-Tiga-
Keributan
ㅡㅡJihan sampai dirumah dengan selamat berkat Jungkook. Tapi tidak sampai disitu saja, pemuda bergigi kelinci itu ikut mengantar sampai ke depan pintu rumah. Tanggung jawab karena mengembalikan anak gadis orang tengah malam, katanya.
"Udah dibilang nggak usah, Jung. Orang rumah pasti udah pada tidur. Udah, sana pulang." yang lebih mungil berusaha mendorong yang lebih besar agar menjauh. Tapi Jungkook tetaplah Jungkook, tidak mau dikalahkan.
"Sampe depan pintu doang, Han. Lagian nggak ada salahnya, gue cuma mau pastiin lo masuk rumah. Tugas dan tanggung jawab lo sebagai sekretaris gue masih banyak banget soalnya." disusul kekehan kecil sesudahnya.
"Alay, lo." tapi si gadis ikut terkekeh juga.
"Ya udah, gue masuk. Thanks ya, Jung." Jihan memutar kunci rumah karena masing-masing anggota keluarga memang memiliki kunci cadangan. Agar tidak merepotkan, begitu.
"Oke. Besok pagi gue jemput." Jungkook menarik kedua sudut bibir dengan apik sebelum berbalik meninggalkan sekretarisnya.
Usai memutar kunci rumah, ternyata sudah ada wanita yang menunggu di ruang keluarga. Sebenarnya hal inilah yang dihindari Jihan jika pulang terlalu larut.
"Dari mana lo jam segini baru sampe rumah? Abis jual diri dimana? Ha?" sambut wanita dengan rokok diantara jari telunjuk dan tengahnya itu.
"Dari kampus, Te. Masih propti, jadi banyak kerjaan." gadis mungil itu menjawab seadanya, karena memang begitu kenyataannya.
"Dapet yang bagus, ya? Gimana, enak?" wanita berumur 40 tahun itu terkekeh sinting akibat kalimatnya sendiri.

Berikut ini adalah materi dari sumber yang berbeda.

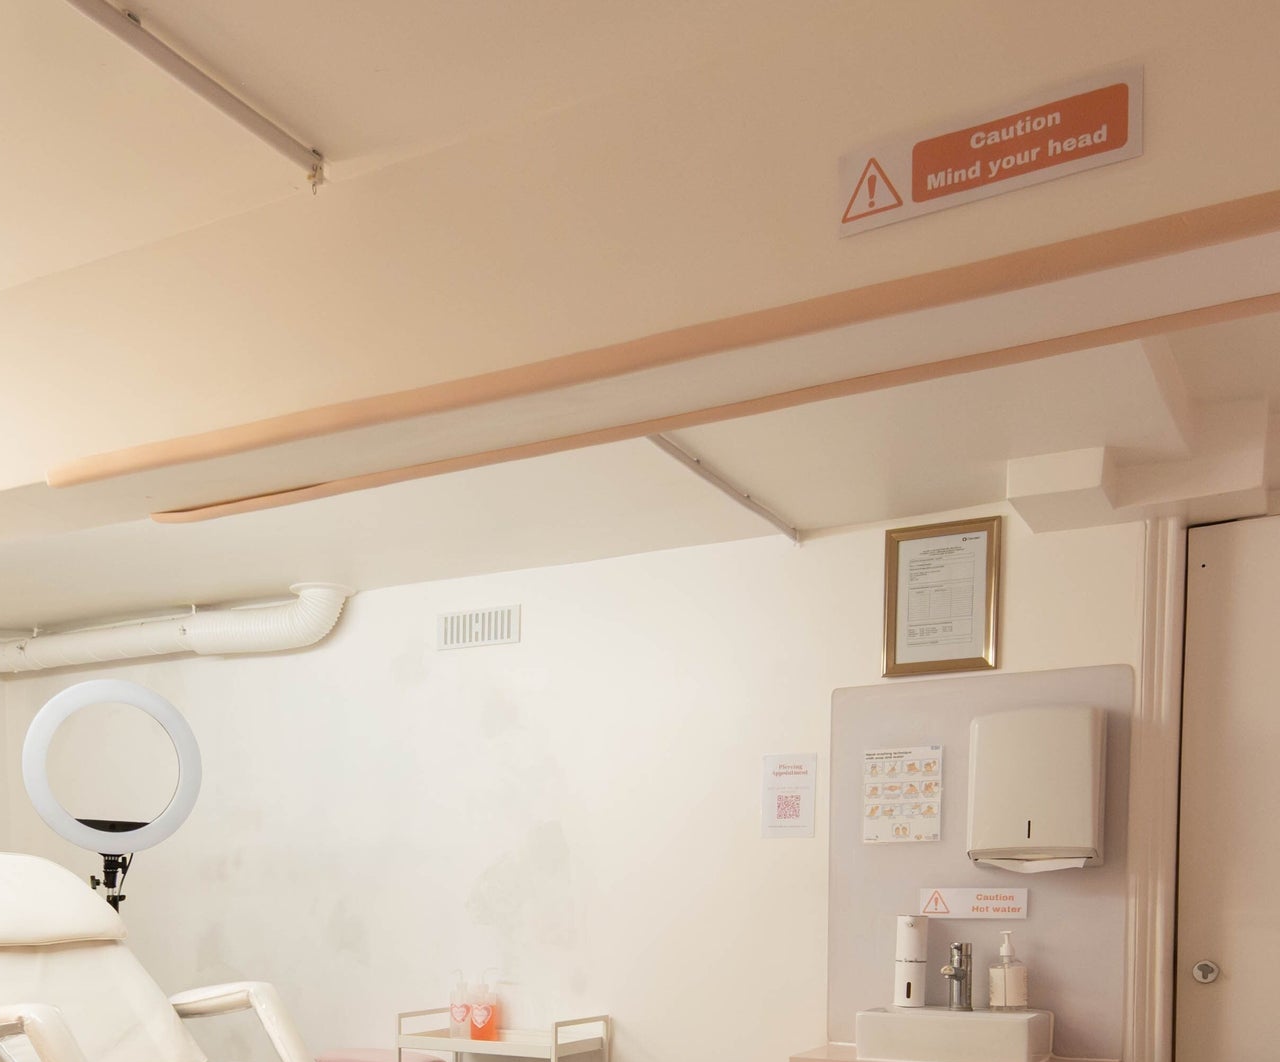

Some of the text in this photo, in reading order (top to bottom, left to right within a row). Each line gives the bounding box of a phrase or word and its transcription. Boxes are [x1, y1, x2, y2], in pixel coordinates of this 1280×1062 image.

[970, 110, 1061, 149] Caution
[926, 124, 1108, 191] Mind your head
[971, 905, 989, 913] Hot
[975, 893, 1015, 902] Caution

"Saya nggak pernah kerja kaya gitu. Jadi, berhenti mikir buruk tentang saya apalagi sampe bilang yang aneh-aneh ke Ayah." kini Jihan mulai geram. Ia tidak suka dituduh melakukan sesuatu yang memang tidak ia lakukan.
"Tanpa gue bilang juga, bokap lo itu udah tau gimana kelakuan lo diluar sana. Pulang malem terus, alesan cuma kampus, siaran, kampus, siaran. Lo kira gue goblok?" wanita yang menjadi Ibu tiri Jihan itu menekan batang rokoknya pada asbak untuk mematikan bara.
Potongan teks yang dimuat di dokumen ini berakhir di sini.